The errpt list has headers in the following format:
identifier, timestamp, type, class resource, description.
A typical list entry could be:
A6DF45AA 0410183413 I O RMCdaemon The daemon is started.
Some system admins view the errpt listing and list the errpt, in full, using the following commands, then clear the whole errprt when done:
errpt errpt -a errclear 0
However, one can be more explicit. To clear errpt entries older than two days, use
errclear 2
To clear all software errors by using the resource name, try:
errclear -d S 0
To clear down all ent0 entries:
errclear -N ent0 0
To clear all SYSPROC entries:
errclear -N SYSPROC 0
To clear by identifier:
errclear -J <identifier> 0
In the last example, identifier is used to locate and clear an entry. It can also be used to view entries:
errpt -j <identifier>
To view the full entries by identifier:
errpt -a -j <identifier>
Of course, it’s OK to get information from the errpt using the identifier, but sometimes you need to keep it simple. So to extract all entries relating to, say, hdisk1, use the resource name to extract from the errprt:
errpt -N hdisk1
To extract all entries relating to ent0, try:
errpt -N ent0
If you want to view entries based on hardware or software, simply supply the class type. To view any hardware-related issues, for instance, use:
errpt -d H
Similarly for software, which would include core dumps and shutdowns, use:
errpt -d S
For operator, including notice events, file system space issues and services that terminate:
errpt -d O
Another identifier, called U (undetermined), logs events that don’t fall into any other category.
Don’t Report These Errors
There are occasions when the errpt gets filled with notifications you don’t really care about.
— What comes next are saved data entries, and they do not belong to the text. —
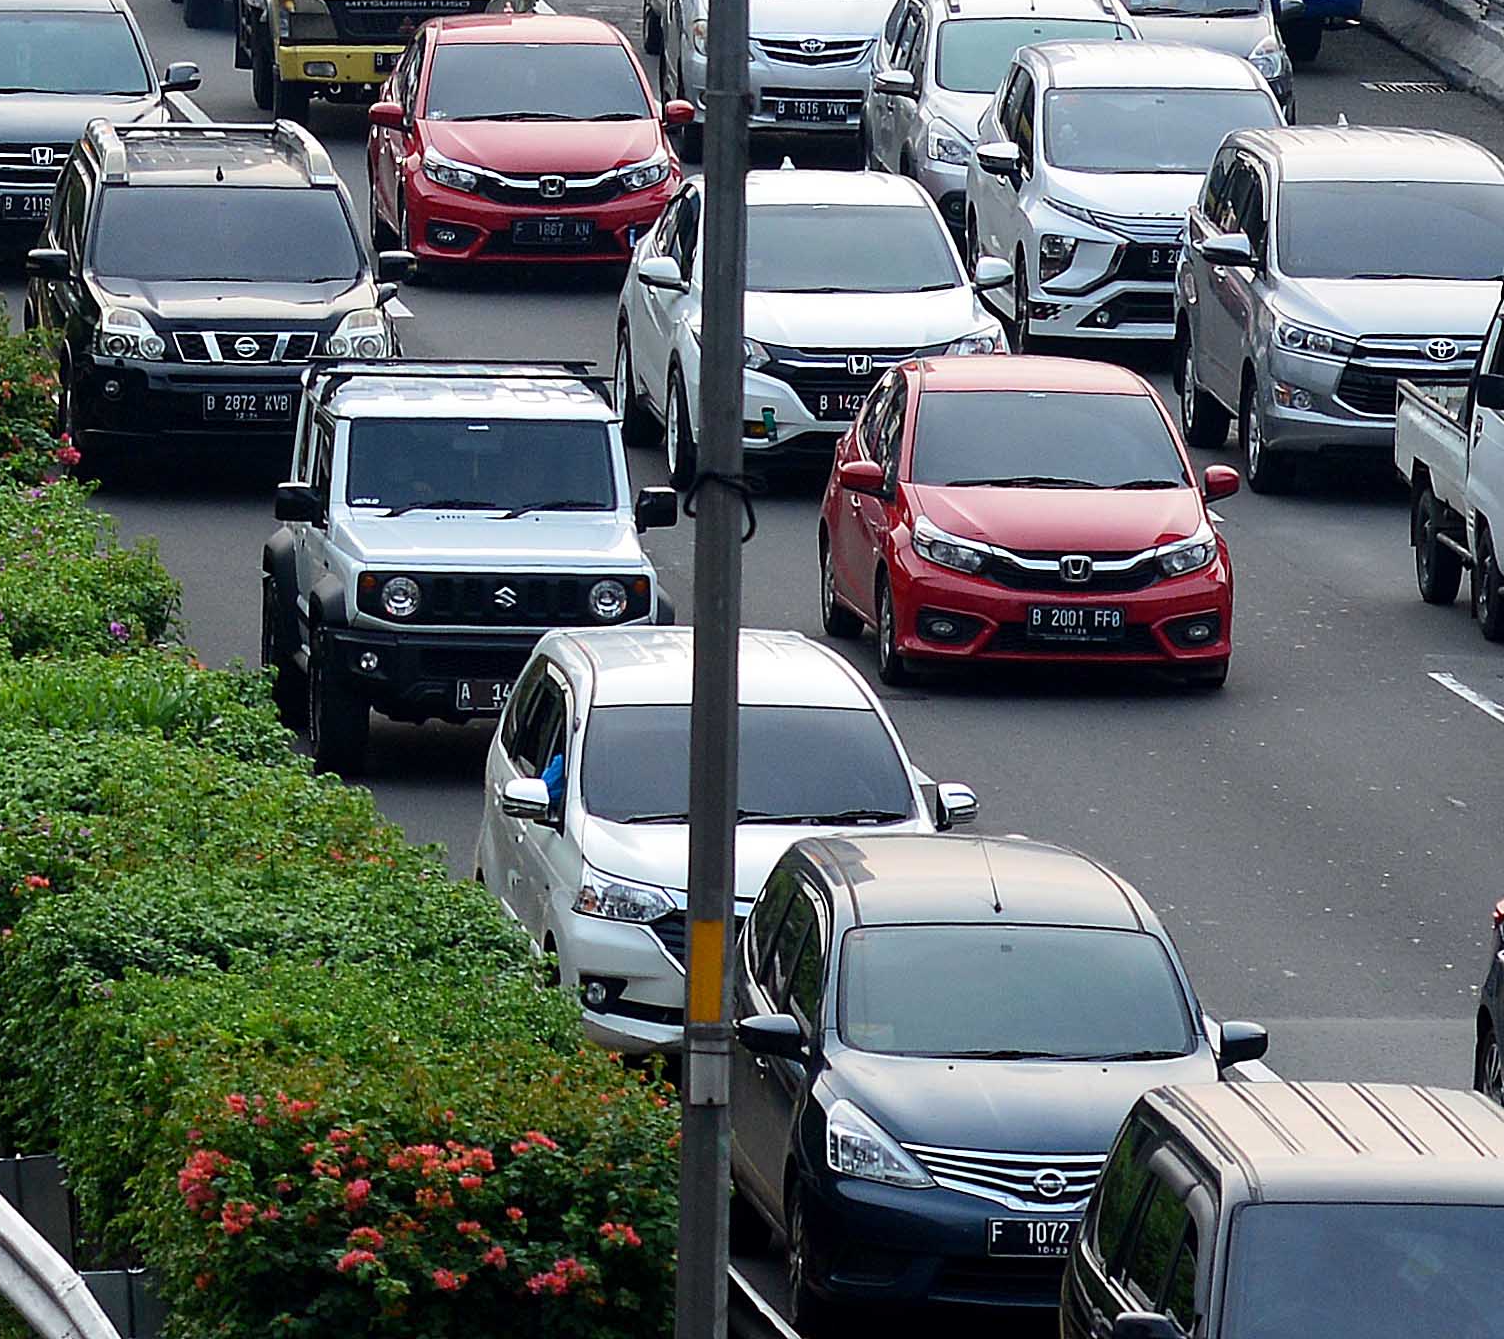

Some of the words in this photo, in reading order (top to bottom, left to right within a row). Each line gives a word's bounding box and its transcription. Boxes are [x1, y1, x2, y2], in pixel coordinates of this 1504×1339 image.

[429, 0, 471, 10] FUSO
[777, 101, 785, 115] B
[794, 101, 819, 115] 1816
[5, 197, 13, 211] B
[515, 221, 524, 233] F
[538, 221, 564, 236] 1867
[1151, 249, 1160, 264] B
[206, 395, 215, 412] B
[224, 395, 257, 412] 2872
[264, 395, 289, 412] KVB
[820, 394, 828, 411] B
[1032, 609, 1041, 626] B
[1051, 609, 1084, 627] 2001
[461, 682, 470, 700] A
[991, 1221, 1003, 1245] F
[1027, 1220, 1070, 1245] 1072
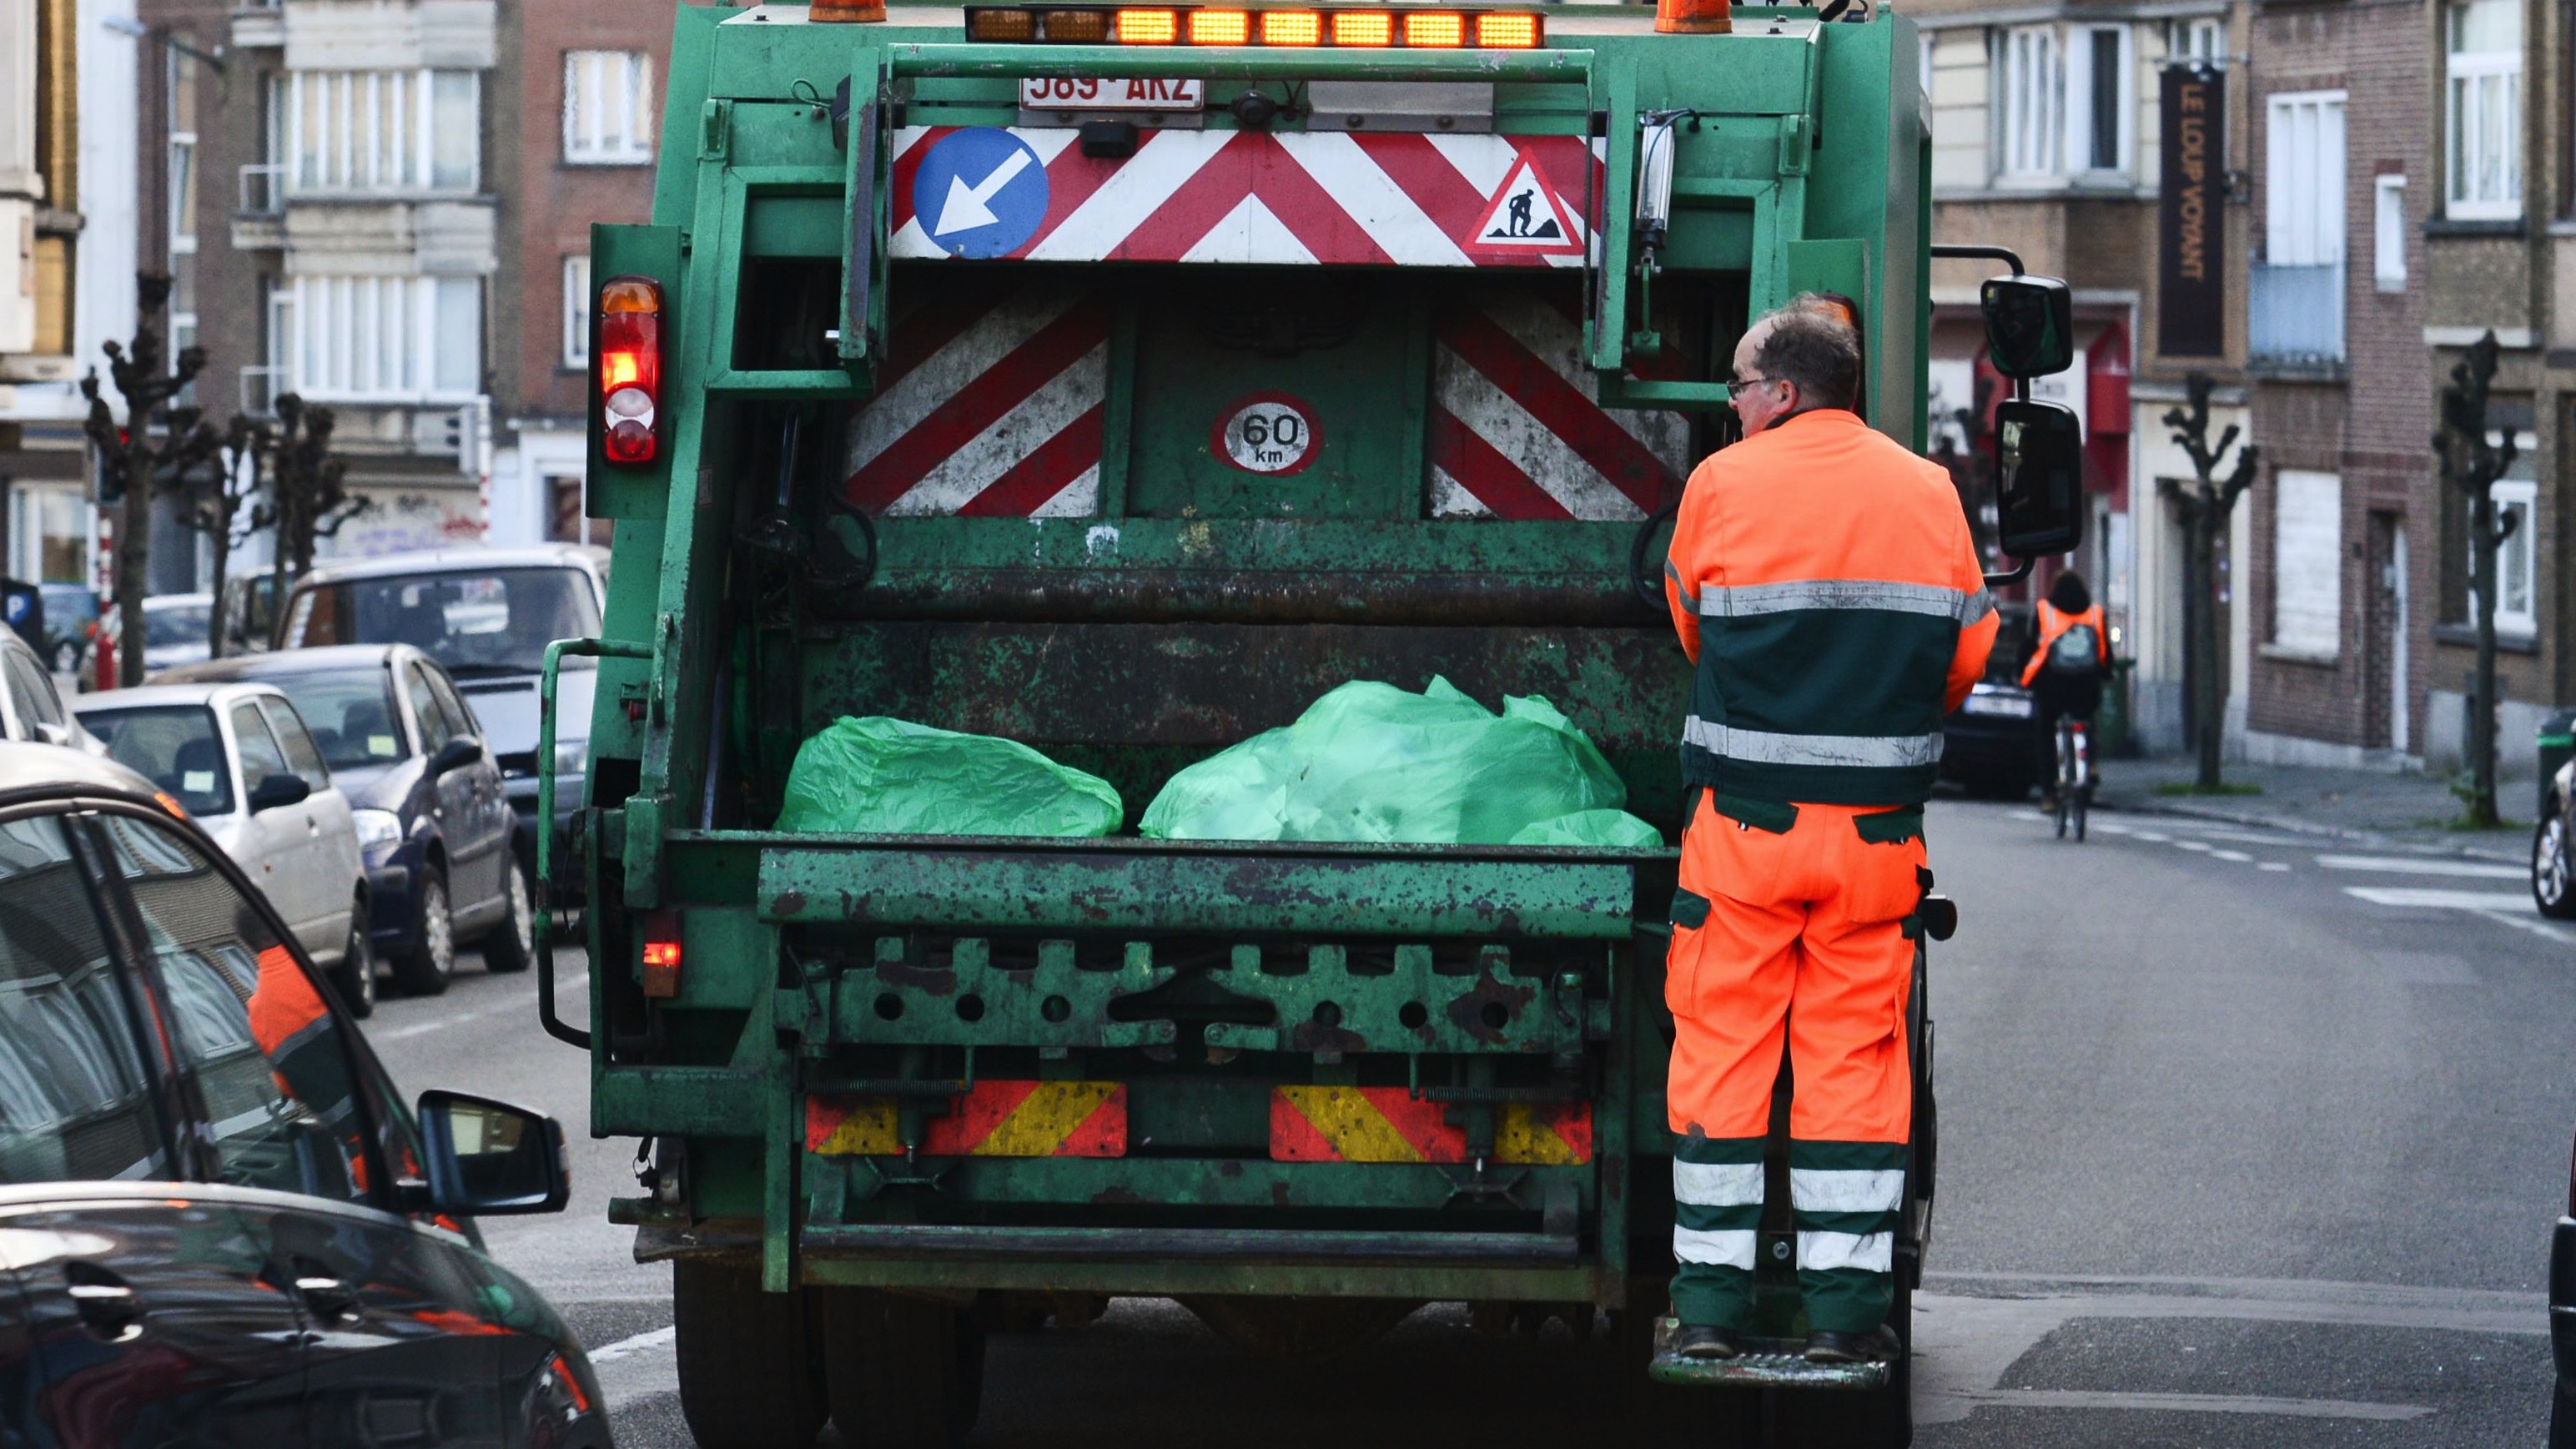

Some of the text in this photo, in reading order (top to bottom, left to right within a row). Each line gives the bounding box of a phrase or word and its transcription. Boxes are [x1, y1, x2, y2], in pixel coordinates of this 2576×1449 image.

[2181, 83, 2206, 280] LE LOUP VOYANT
[1243, 414, 1299, 445] 60
[1255, 448, 1283, 463] km
Still, you want AIX to log them—just not report them. This could be due to a rush of notifications that you don’t want reported until a certain issue has been fixed. To view current errpt entries that have been disabled from reporting, use:
errpt -t -F Report=0
To view the current repository list containing the complete list of identifiers, labels, descriptions, etc., try:
errpt -t
Consider a scenario where you wish to stop report logging of events for a disk raid. The system repeatedly tries to rebuild, but you don’t need AIX to keep telling you. To disable the reporting of the raid rebuild, first obtain the identifier—FE7D0EED—by listing the errpt repository. To disable reporting of that identifier:
# errupdate <hit return> =FE7D0EED: <hit return> Report=false <hit CTRL-D> <hit CTRL-D> 0 entries added. 0 entries deleted. 1 entries updated. #
In the output above, the “=” sign indicates to modify report entry. The text also shows where you should hit return and CTRL-D in the inactive errupdate utility. To confirm that reporting was disabled, use the errpt -t -F Report=0 command. At some point, you’ll want to re-enable this report. To do so:
# errupdate <hit return> =FE7D0EED: <hit return> < hit CTRL-D> < hit CTRL-D> 0 entries added. 0 entries deleted. 1 entries updated. #
Again, review the repository to check identifiers that have been disabled/enabled from reporting.
If Logging Stops
If your errlog stops logging/reporting events, chances are the log is full or corrupted. A quick fix is to zero the file. First, stop the errpt service:
# /usr/lib/errstop
Next, remove the /var/adm/ras/errlog:
# rm /var/adm/ras/errlog
Restart it:
# /usr/lib/errdemon
You’re good to go. To view attributes relating to the errolog, use:
# /usr/lib/errdemon -l